No A/V equipment is required.
What happened to the Our Bodies, Our Selves women’s health movement? What has happened to those of us who wrestled speculums away from doctors, grabbed mirrors and viewed our own and each other’s vulvas, vaginas, cervixes and proudly claimed our bodies and our sex? Why are middle age/old women so silent/silenced about our peri/menopausal sexualities and juices? Where are our speculums and mirrors now?
This provocative hands-on interactive skills-building workshop targets 50/60/70/80-something populations of ALL sexual and/or gender identities. The Old/er Safer Sex Slut peer educators use explicit sex/body positive language, and role model tips/techniques to challenge mainstream culture’s misinformation and silence about senior/elder/old people’s sexuality in the age of Viagra and rising HIV/AIDS/STD rates.

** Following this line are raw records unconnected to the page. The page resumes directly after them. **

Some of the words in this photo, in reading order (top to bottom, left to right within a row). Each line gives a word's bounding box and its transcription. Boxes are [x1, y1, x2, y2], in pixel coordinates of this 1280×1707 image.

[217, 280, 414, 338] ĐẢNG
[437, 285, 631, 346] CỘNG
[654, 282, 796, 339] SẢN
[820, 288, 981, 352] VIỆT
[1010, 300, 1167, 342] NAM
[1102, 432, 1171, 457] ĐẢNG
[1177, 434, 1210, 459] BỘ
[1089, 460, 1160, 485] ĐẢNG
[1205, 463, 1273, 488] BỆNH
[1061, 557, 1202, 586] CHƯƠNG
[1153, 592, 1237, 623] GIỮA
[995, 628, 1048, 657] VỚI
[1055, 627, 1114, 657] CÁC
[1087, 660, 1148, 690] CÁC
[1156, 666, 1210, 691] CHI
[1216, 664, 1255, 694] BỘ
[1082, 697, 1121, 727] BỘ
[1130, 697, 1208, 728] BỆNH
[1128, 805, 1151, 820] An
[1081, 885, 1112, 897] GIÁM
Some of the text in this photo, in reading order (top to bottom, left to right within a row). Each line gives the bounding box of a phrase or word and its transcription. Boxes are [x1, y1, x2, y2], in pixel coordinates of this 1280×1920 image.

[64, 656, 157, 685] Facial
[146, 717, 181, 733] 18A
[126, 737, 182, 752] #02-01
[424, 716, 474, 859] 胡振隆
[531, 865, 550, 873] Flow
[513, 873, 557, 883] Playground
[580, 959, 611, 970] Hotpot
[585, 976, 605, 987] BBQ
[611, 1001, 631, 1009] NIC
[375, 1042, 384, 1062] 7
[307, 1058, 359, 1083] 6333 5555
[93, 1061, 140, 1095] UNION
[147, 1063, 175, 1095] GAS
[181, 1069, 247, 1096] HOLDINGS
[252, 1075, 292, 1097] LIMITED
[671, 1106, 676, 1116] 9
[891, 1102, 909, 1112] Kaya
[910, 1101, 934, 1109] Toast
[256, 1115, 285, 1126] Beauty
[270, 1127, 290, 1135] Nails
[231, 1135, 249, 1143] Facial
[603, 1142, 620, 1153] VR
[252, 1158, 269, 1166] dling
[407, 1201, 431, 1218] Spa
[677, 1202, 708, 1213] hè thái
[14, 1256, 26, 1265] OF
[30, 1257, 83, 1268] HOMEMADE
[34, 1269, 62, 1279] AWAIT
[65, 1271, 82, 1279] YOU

Using humor, skits, props, role modeling, and hands-on exercises, the 50-60-70 something members of the nationally acclaimed Safer Sex Sluts (aka Latex Warriors) educational performance troupe (founded in 1992) will engage the audience in a unique and creative experience that will leave no one unchallenged or uneducated about safer sex. Troupe members represent a full spectrum of sexual orientations and gender identities and are an ethnic and cultural mix.
We live in a sexually ignorant, erotophobic, misogynistic culture that is perpetuated by each generation’s sexual silence and shame. The norm for this culture is white, able-bodied, young, heterosexual, and male. Add to this the 50+ newly single, widowed, divorced, and separated population, along with the assumption old/er perople are not sexual (nor do they do drugs) and you have a fast growing invisible at-risk population for HIV/AIDS/STDs. Over 10% of all new AIDS cases in the USA occur in people over the age of 50. (CDC Surveillance Report, 1997) Cases among older people may be underreported, as HIV symptoms and infections may coincide with other diseases associated with aging. And on top of ALL this are the professionals who work with elders/seniors/old people, and the retirement communities, assisted living facilities, nursing home’s management and staff who are resistant to providing HIV/AIDS/STD safer sex and sex education materials or presentations. HIV/AIDS is still associated with homosexual and bisexual youth and/or substance abusers, as if there are no gay or bi elder or substance abusers. (UCSF Center for AIDS Prevention Studies newsletter, September, 1997) Rates and numbers of seniors with sexually transmitted diseases (STDs) continue to rise. Not just HIV/AIDS but syphillis, gonorrhea, herpes, genital warts/HPV, and other STDs that are preventable. But where are the HIV/AIDS/STD prevention programs targeting old/er people? The Boomers?
Elders/seniors/old people, regardless of sexual identity, often lack even basic information about both their own sexuality and STDs, and are uncomfortable talking about these topics with potential and current partners, especially as they re-enter the “dating market” after a divorce or a long-term partner’s death. Care providers, like MDs, RNs, social workers, retirement and nursing home staff, are often awkward and uncomforable with elder sex and sexuality. Instead of pushing prevention, they perpetuate mainstream cutlture’s mistaken assumptions and silences about old/er people’s sex and sexuality. They may be extremely uncomfortable talking about sex with clients who are as old as their parents or grandparents, especially in a culture of denial and misinformation.
This workshop is designed to meet the prevention needs of seniors of all sexes, genders, and orientations who need to be more comfortable with their own sexuality and those who work with them. It is also helpful for those who will be training colleagues and staff who work with an old/er population.